Most solutions I've seen involve some sort of conversion to a intermediate print-media format (maybe MediaWiki to Microsoft Word or maybe some custom scripting that generates a PDF from the contents of a web page (with a lot of hard-coded references).

Is there any more generic solution that exists for this problem? Any framework that seeks to merge HTML and web content in general into a print media output format?

Any solutions, discussion regarding the pro's or con's, or whatever is welcome.

Thanks!

Update: I think CSS will only get me so far though... I've used CSS for similar type output (MediaWiki by default has a print format that hides much of the nav bar stuff). Think of a MediaWiki article though -- imagine me being able to tweak a tag in the content or something similar and now my margin is 1 inch instead of .5 inches. That's more along the lines of what I'm aiming for.

+2  A: 

Using print CSS files is a really slick approach to reformatting pages for printing.

A lot of people fall back to PDF because it can be more powerful and easier.

For most things, though, I think CSS markup is simpler and easier.

Look at the source for pages in StackOverflow and you'll see references to media="print" (print.css)--a set of styles applied only when a browser prints the page.

<link href="/Content/print.css" rel="stylesheet" media="print" type="text/css" />

You can use these to hide navbars, ads (or show different ads). Do some basic pagination, etc.
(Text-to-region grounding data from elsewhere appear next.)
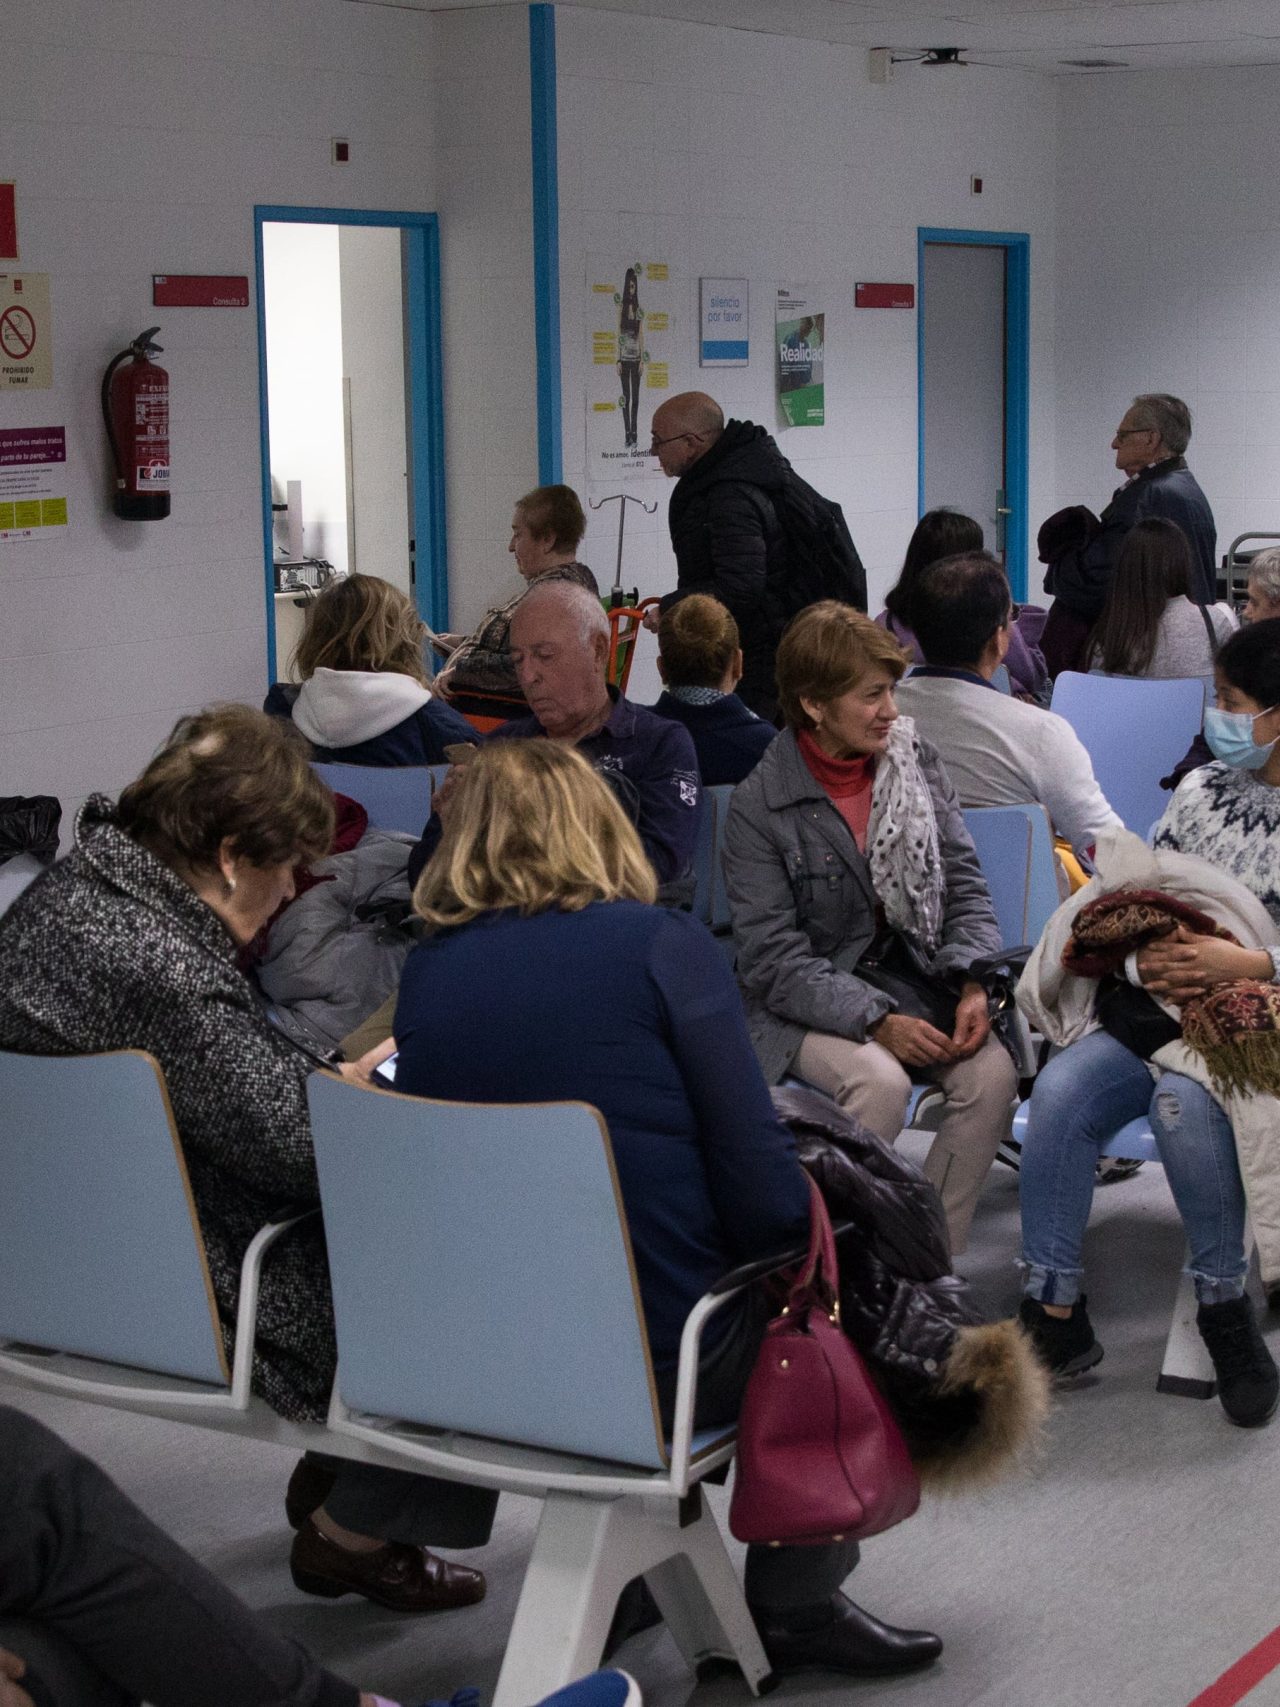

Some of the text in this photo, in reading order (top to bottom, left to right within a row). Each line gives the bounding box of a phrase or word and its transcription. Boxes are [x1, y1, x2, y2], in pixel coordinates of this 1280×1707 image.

[213, 297, 246, 305] Consulta 2
[710, 295, 739, 308] silencio
[708, 311, 742, 323] por favor
[780, 343, 824, 362] Realidad
[2, 366, 34, 374] PROHIBIDO
[9, 376, 28, 384] FUMAR
[2, 441, 13, 449] que
[13, 439, 30, 447] sufres
[30, 438, 47, 446] malos
[0, 454, 14, 463] parte
[601, 451, 609, 459] No
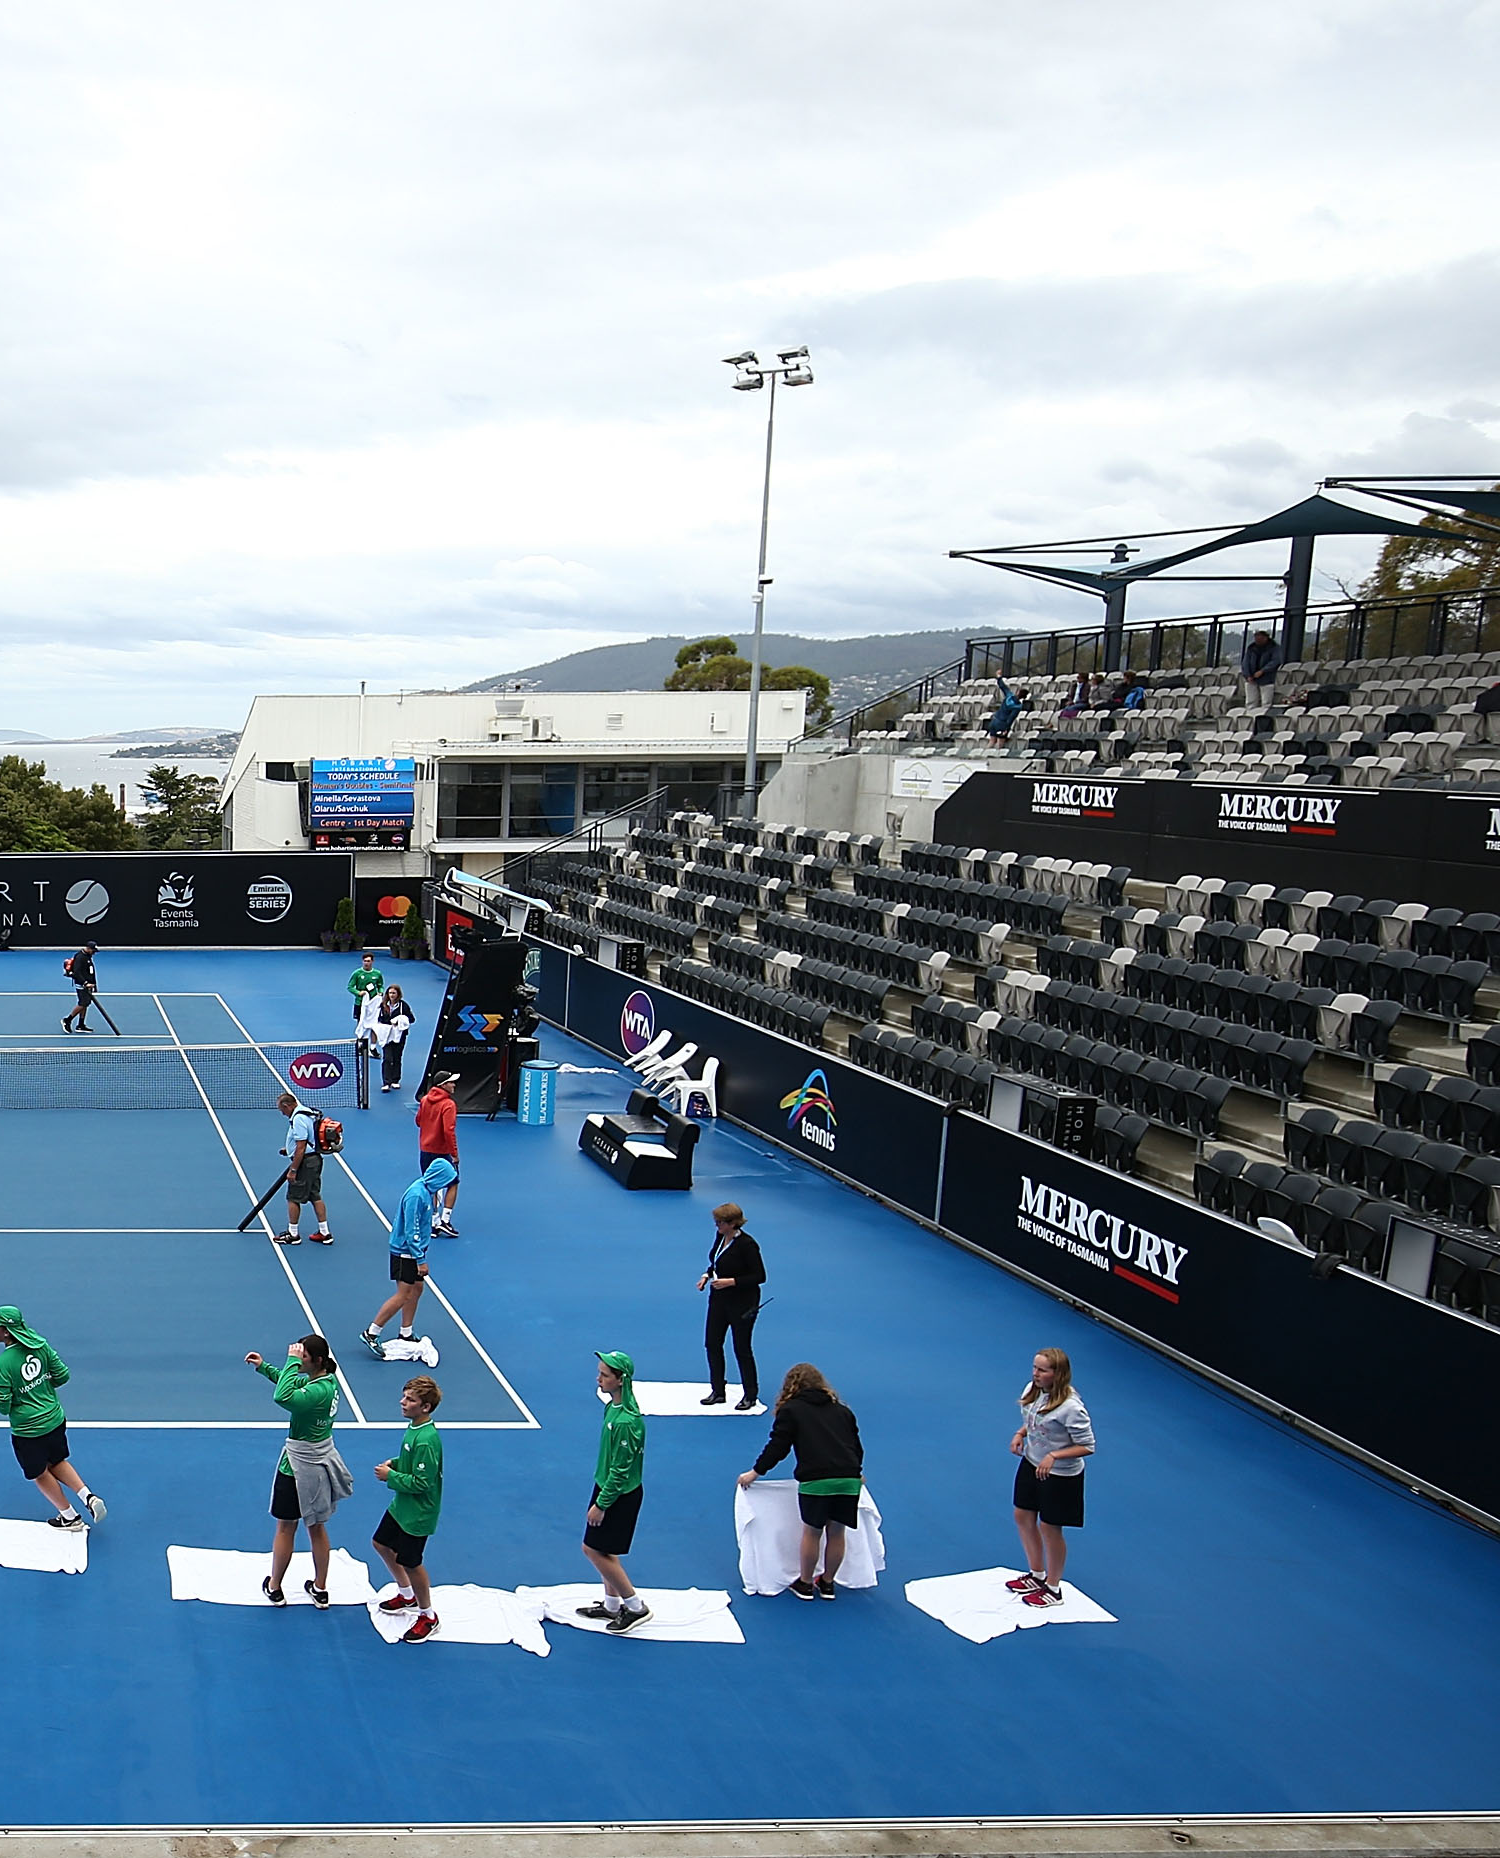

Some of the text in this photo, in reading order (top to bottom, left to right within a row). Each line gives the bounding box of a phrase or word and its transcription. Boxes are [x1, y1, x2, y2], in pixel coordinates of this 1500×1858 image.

If you need more control over things like margins, you have to go outside the browser (PDF, Word, XPS, etc.).

Michael Haren
+1  A: 

I've written a MediaWiki to LaTeX converter that tries to maintain the document structure of the source text. The document is then typeset with pdflatex to produce a very high quality, paginated document. Math markup is directly rendered by LaTeX, so the equations look great. The LaTeX documentclass / stylesheet is configurable from specialized commands in the wiki to directly control margins, page layout, fonts, extra packages and so on. This would fall in your second category of a custom script rather than a generic framework.

There are many others, such as the Extension:Pdf_Export that uses htmldoc. While it is more general, it does a very poor job of pagination and creates lots of widows and orphans, doesn't do optimal text justification and doesn't do indexes, figures, self-references, etc. Additionally, if you use <math> markup in MediaWiki it only includes the low-res PNG files.

princexml is specialized for MediaWiki and produces good looking documents, but isn't available under a Free license. Since it is a closed-source product, your ability to control the output is limited.

Hudson
+4  A: 

http://www.princexml.com/

could be something for you. It converts xml and html pages to pdf documents.

Stevens
+1 prince is absolutely amazing and worth the price! The quality and ease of xhtml to pdf conversion is stunning!
tharkun
+3  A: 

You may have heard of PediaPress, a company that has done a "wiki to print" (i.e PDF, but also ODF) deal with the Wikimedia Foundation. (See "Wikis Go Printable".) Their code is designed to work with MediaWiki and is open source.

But! It's even better than that. Check out this bookmarklet. You can use it to create PDFs or ODFs of any publicly-accessible MediaWiki page (maybe it needs the API to be enabled too...). And you can bundle multiple pages, from a single MediaWiki or multiple MediaWikis, into a single document. It's pretty freaking awesome in my book. :)

ETA: PediaPress have put significant work into making something that looks really nice to read. It's not just the equivalent of MediaWiki's printable version converted to PDF.

pfctdayelise
Thanks -- I hadn't heard of them and that's really neat.